# Your task
In the records below, find the line containing "this 1500×1000 image.", then reproduce that line and every one after it to the end, exactly and alone.
▶
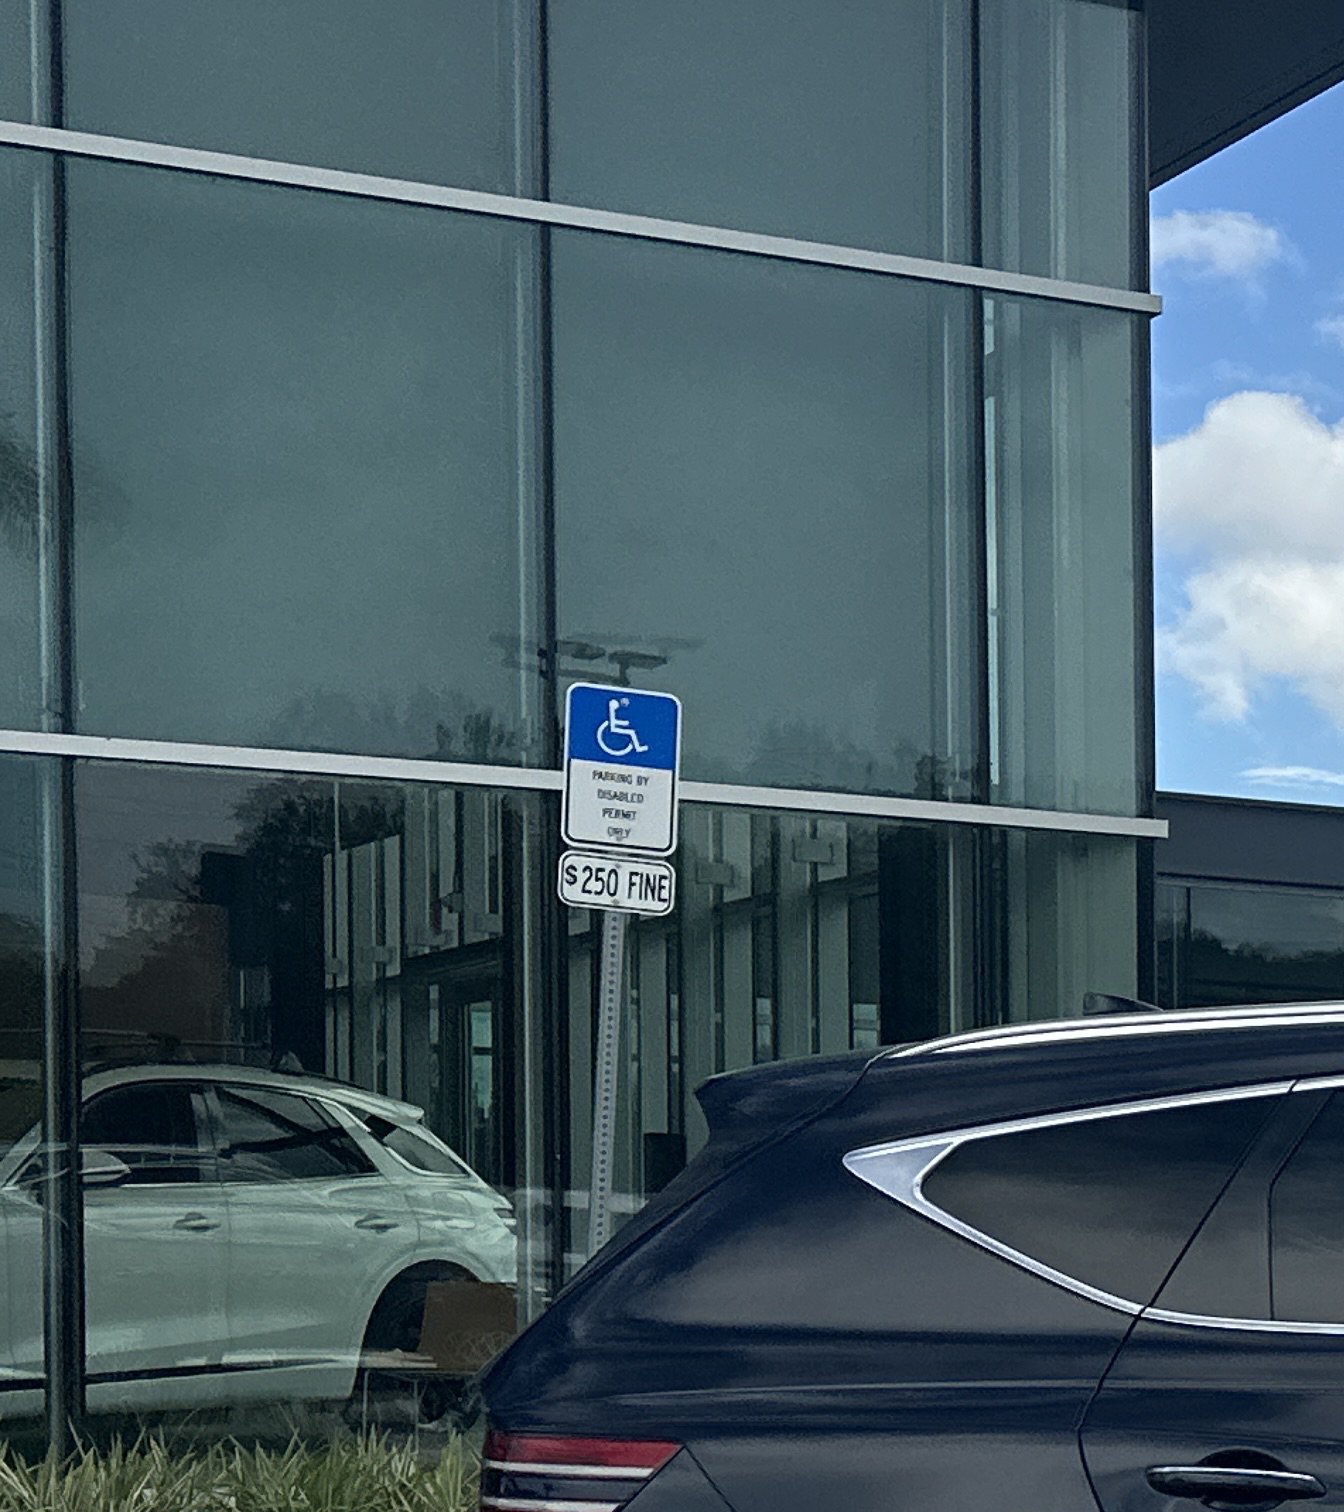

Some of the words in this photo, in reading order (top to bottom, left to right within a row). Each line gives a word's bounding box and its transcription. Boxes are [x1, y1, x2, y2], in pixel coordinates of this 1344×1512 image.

[597, 788, 644, 803] DISABLED
[565, 864, 619, 897] $250
[627, 871, 669, 903] FINE
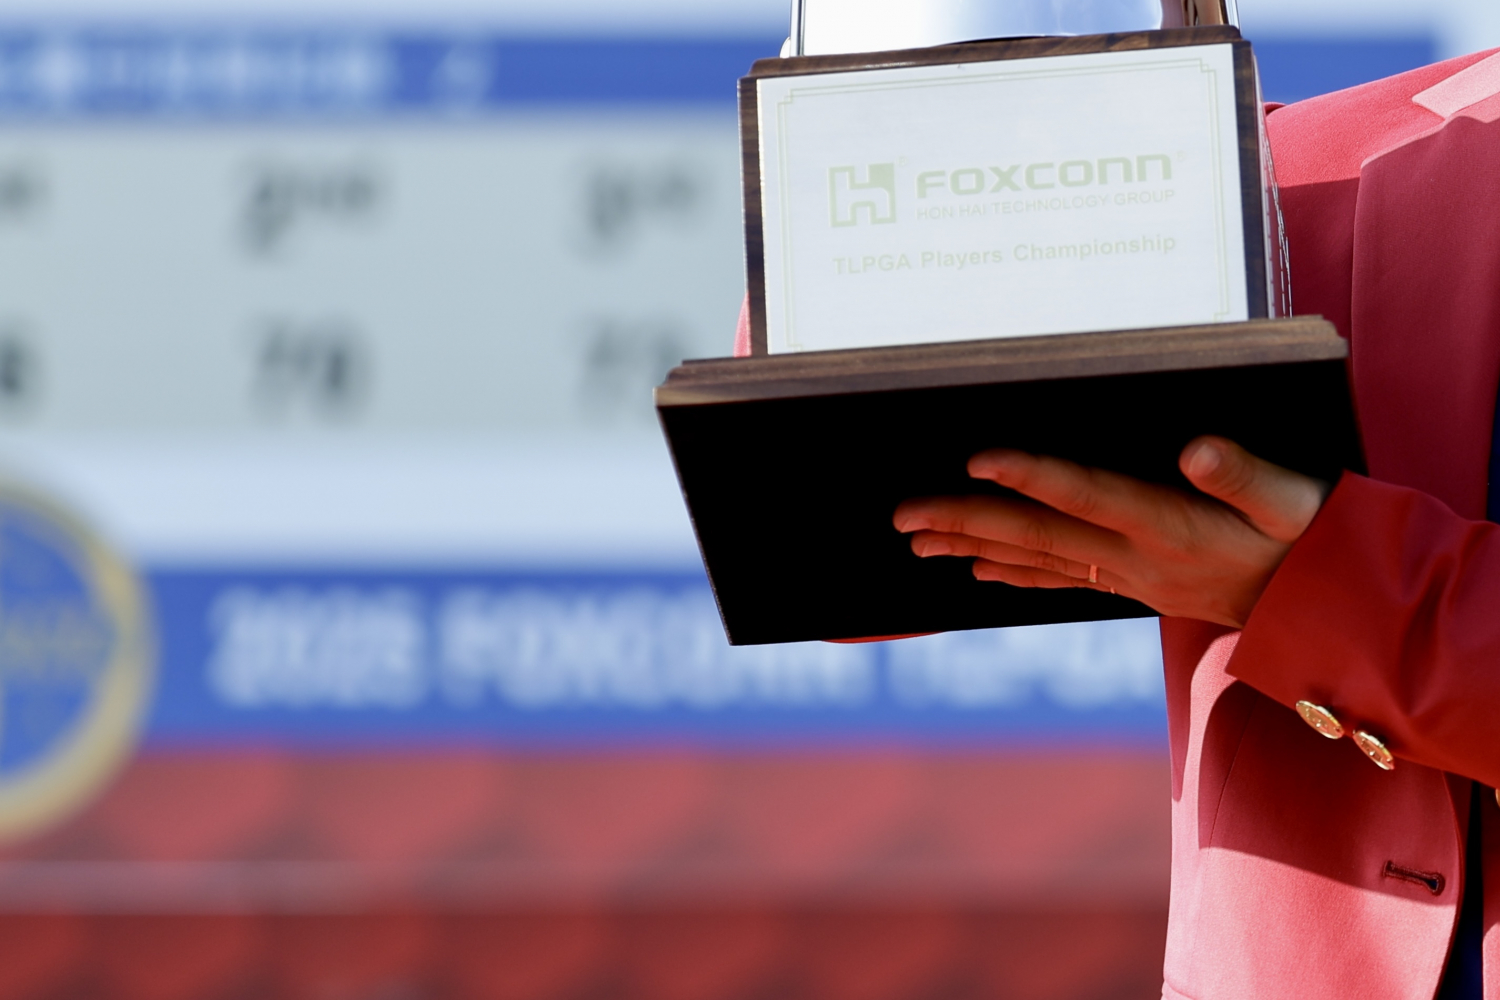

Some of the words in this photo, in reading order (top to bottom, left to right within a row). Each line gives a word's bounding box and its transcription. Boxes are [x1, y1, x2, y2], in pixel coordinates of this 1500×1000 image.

[915, 153, 1174, 200] FOXCONN
[915, 204, 953, 221] HON
[958, 202, 987, 218] HAI
[991, 193, 1109, 215] TECHNOLOGY
[1112, 188, 1176, 207] GROUP
[832, 253, 912, 276] TLPGA
[919, 248, 1004, 271] Players
[1013, 233, 1177, 262] Championship
◀
# Task response
Some of the words in this photo, in reading order (top to bottom, left to right within a row). Each line gives a word's bounding box and its transcription. Boxes are [x1, y1, x2, y2], in pixel coordinates of this 1500×1000 image.

[915, 153, 1174, 200] FOXCONN
[915, 204, 953, 221] HON
[958, 202, 987, 218] HAI
[991, 193, 1109, 215] TECHNOLOGY
[1112, 188, 1176, 207] GROUP
[832, 253, 912, 276] TLPGA
[919, 248, 1004, 271] Players
[1013, 233, 1177, 262] Championship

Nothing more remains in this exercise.